§ Your objective
With the pictures left out, restate exactly the part below that opens with the line containing "this 1600×900 image." and closes with the line containing "this 1366×1780 image.".

§ Raw data
* * * *

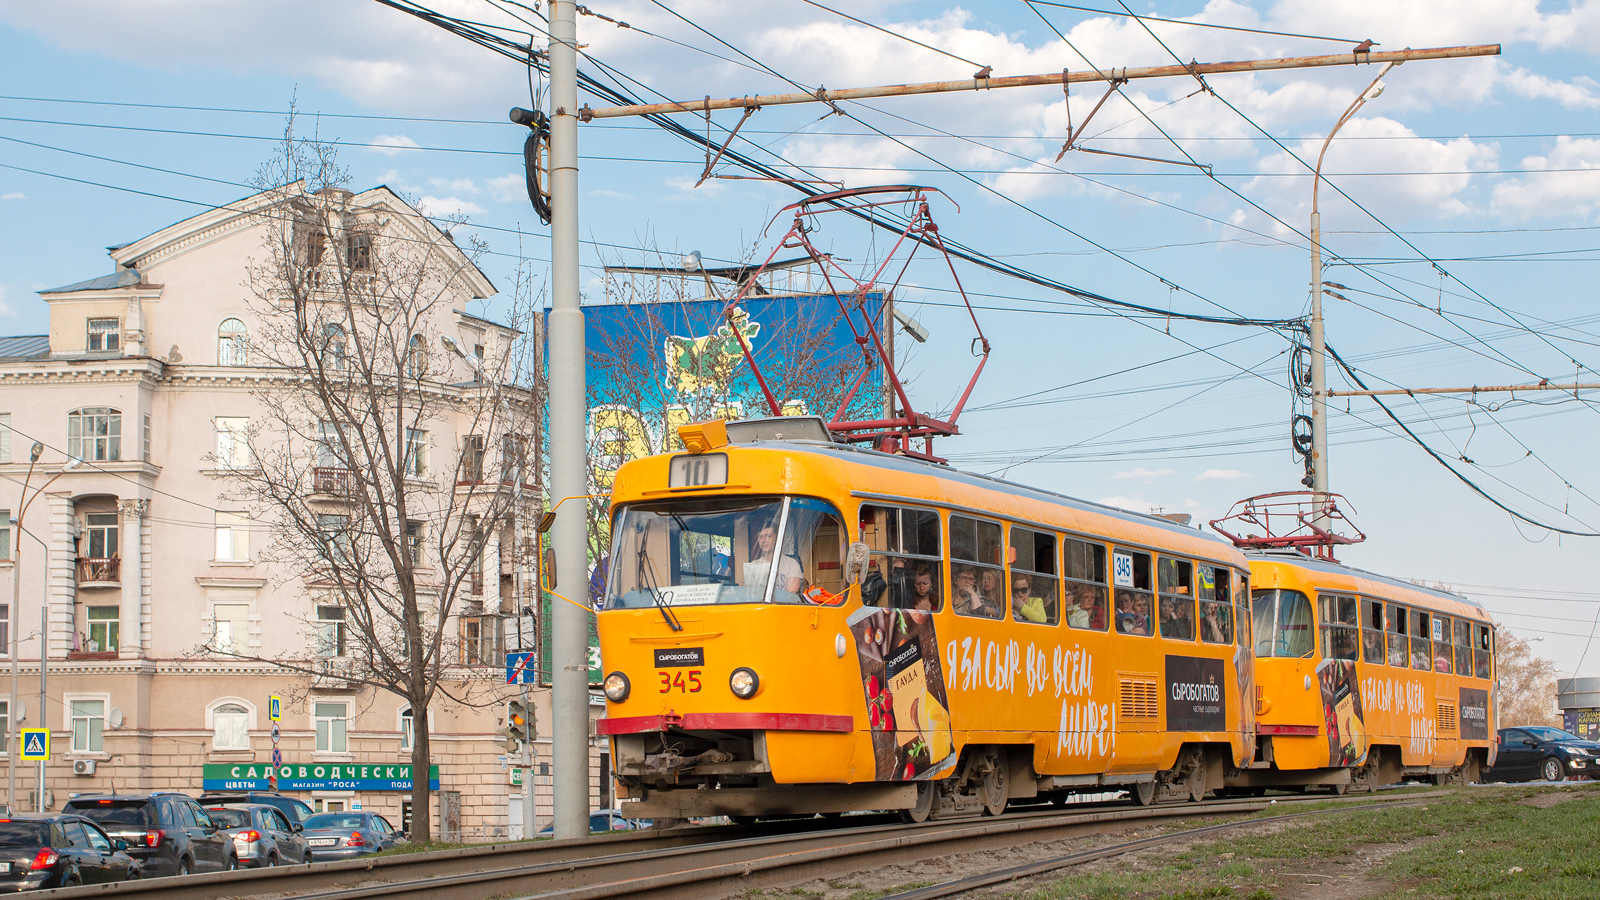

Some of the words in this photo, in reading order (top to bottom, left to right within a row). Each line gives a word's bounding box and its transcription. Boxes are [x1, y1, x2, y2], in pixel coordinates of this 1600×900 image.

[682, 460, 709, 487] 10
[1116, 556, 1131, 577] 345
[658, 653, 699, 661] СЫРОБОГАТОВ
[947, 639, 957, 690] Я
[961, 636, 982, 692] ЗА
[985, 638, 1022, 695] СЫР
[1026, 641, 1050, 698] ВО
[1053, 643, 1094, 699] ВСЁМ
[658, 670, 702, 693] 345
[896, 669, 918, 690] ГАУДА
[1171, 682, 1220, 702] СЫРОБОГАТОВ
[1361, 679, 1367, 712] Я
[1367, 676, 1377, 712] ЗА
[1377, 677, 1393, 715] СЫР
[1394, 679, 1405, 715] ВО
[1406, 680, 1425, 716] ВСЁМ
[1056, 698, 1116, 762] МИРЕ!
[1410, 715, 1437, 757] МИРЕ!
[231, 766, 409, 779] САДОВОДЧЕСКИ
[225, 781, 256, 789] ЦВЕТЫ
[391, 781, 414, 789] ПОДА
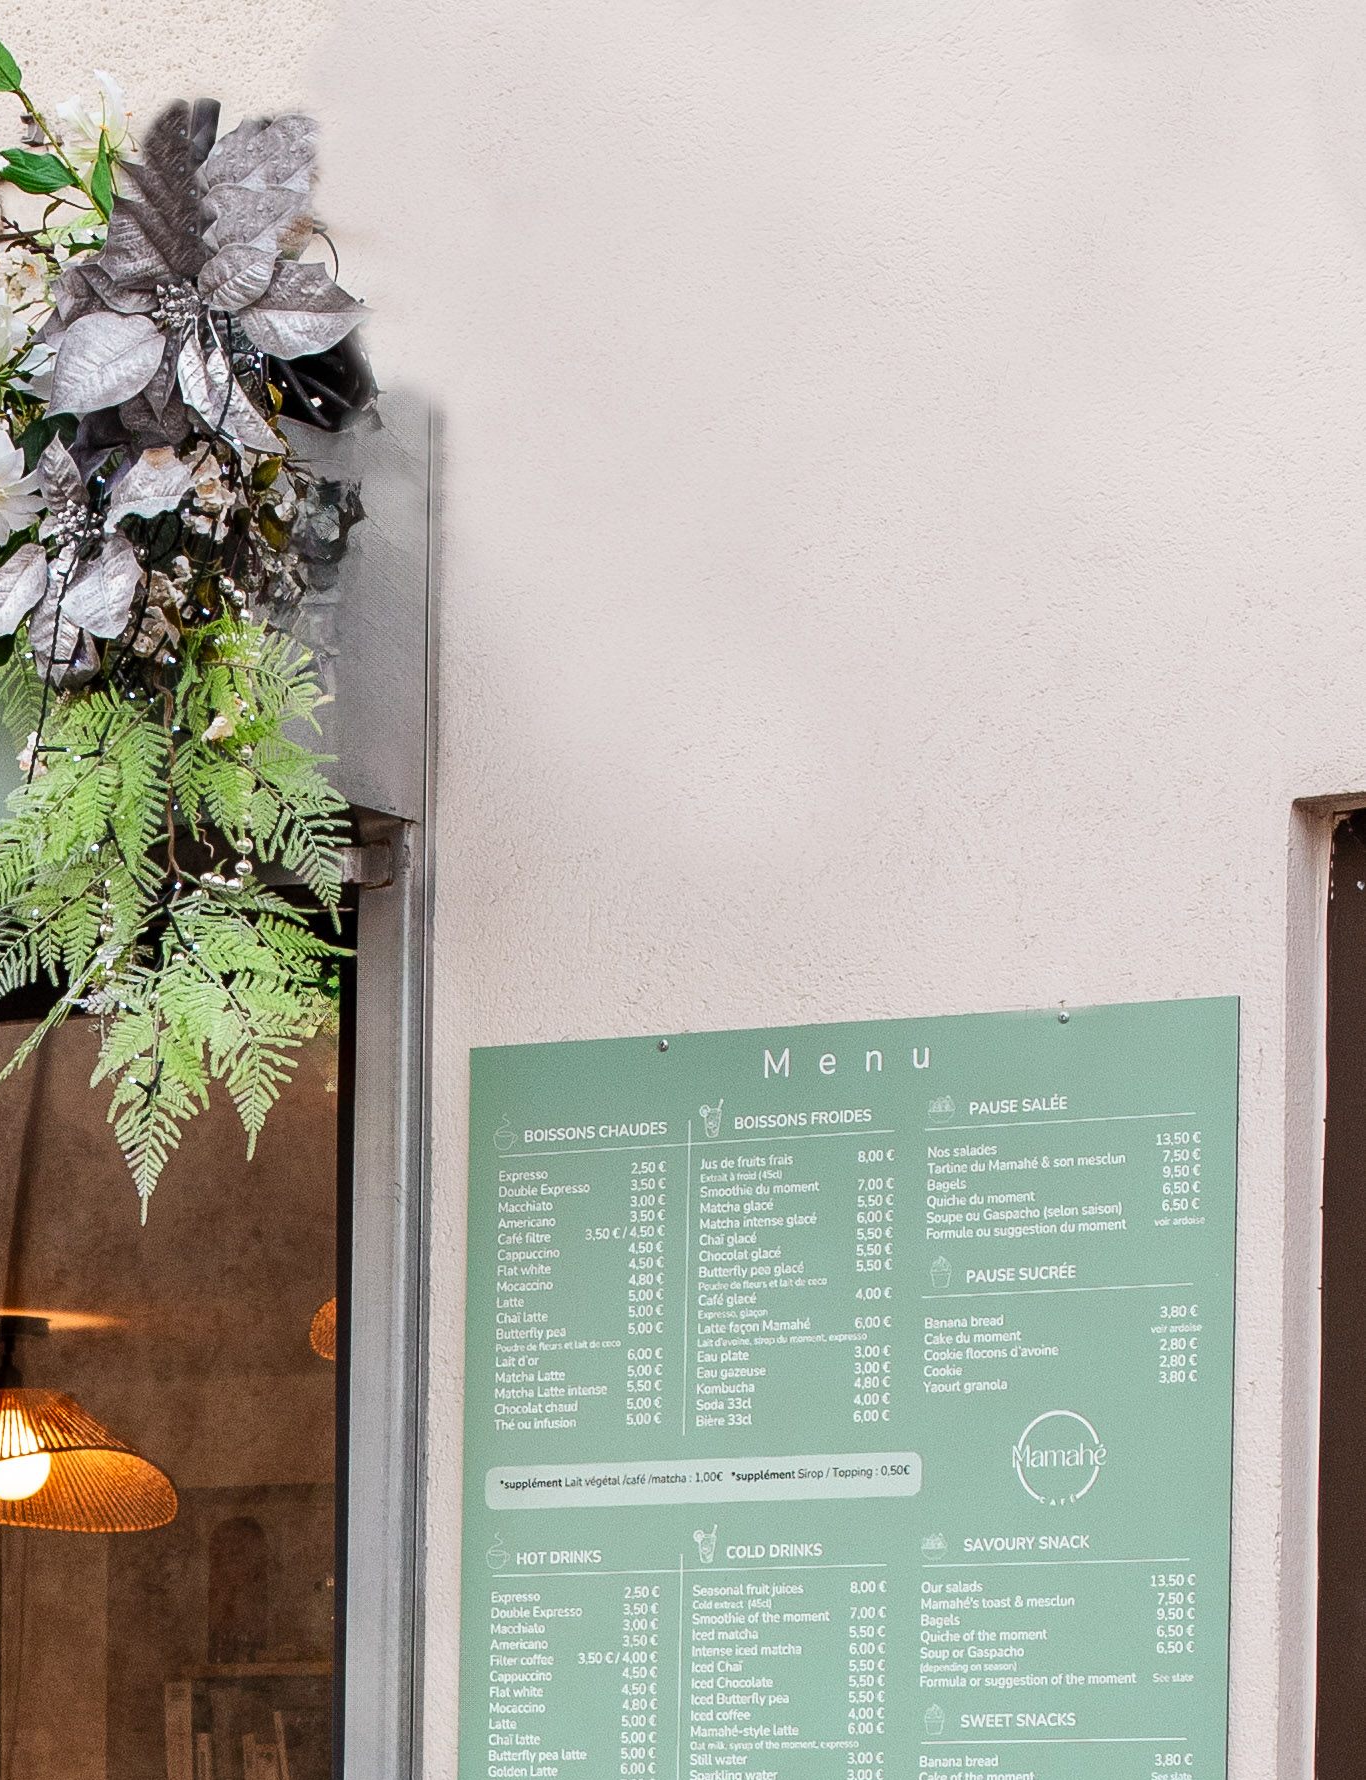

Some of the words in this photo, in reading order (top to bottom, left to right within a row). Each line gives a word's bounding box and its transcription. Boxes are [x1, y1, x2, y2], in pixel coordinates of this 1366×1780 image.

* * * *

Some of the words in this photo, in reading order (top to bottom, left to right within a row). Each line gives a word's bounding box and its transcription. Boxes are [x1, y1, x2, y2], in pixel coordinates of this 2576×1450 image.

* * * *

§ Answer space
Some of the words in this photo, in reading order (top to bottom, left to right within a row). Each line gives a word's bounding box and its transcription. Boxes are [x1, y1, x2, y2], in pixel coordinates of this 1600×900 image.

[682, 460, 709, 487] 10
[1116, 556, 1131, 577] 345
[658, 653, 699, 661] СЫРОБОГАТОВ
[947, 639, 957, 690] Я
[961, 636, 982, 692] ЗА
[985, 638, 1022, 695] СЫР
[1026, 641, 1050, 698] ВО
[1053, 643, 1094, 699] ВСЁМ
[658, 670, 702, 693] 345
[896, 669, 918, 690] ГАУДА
[1171, 682, 1220, 702] СЫРОБОГАТОВ
[1361, 679, 1367, 712] Я
[1367, 676, 1377, 712] ЗА
[1377, 677, 1393, 715] СЫР
[1394, 679, 1405, 715] ВО
[1406, 680, 1425, 716] ВСЁМ
[1056, 698, 1116, 762] МИРЕ!
[1410, 715, 1437, 757] МИРЕ!
[231, 766, 409, 779] САДОВОДЧЕСКИ
[225, 781, 256, 789] ЦВЕТЫ
[391, 781, 414, 789] ПОДА

Some of the words in this photo, in reading order (top to bottom, left to right within a row). Each line gives a word's bounding box and its transcription. Boxes are [x1, y1, x2, y2], in pixel coordinates of this 1366×1780 image.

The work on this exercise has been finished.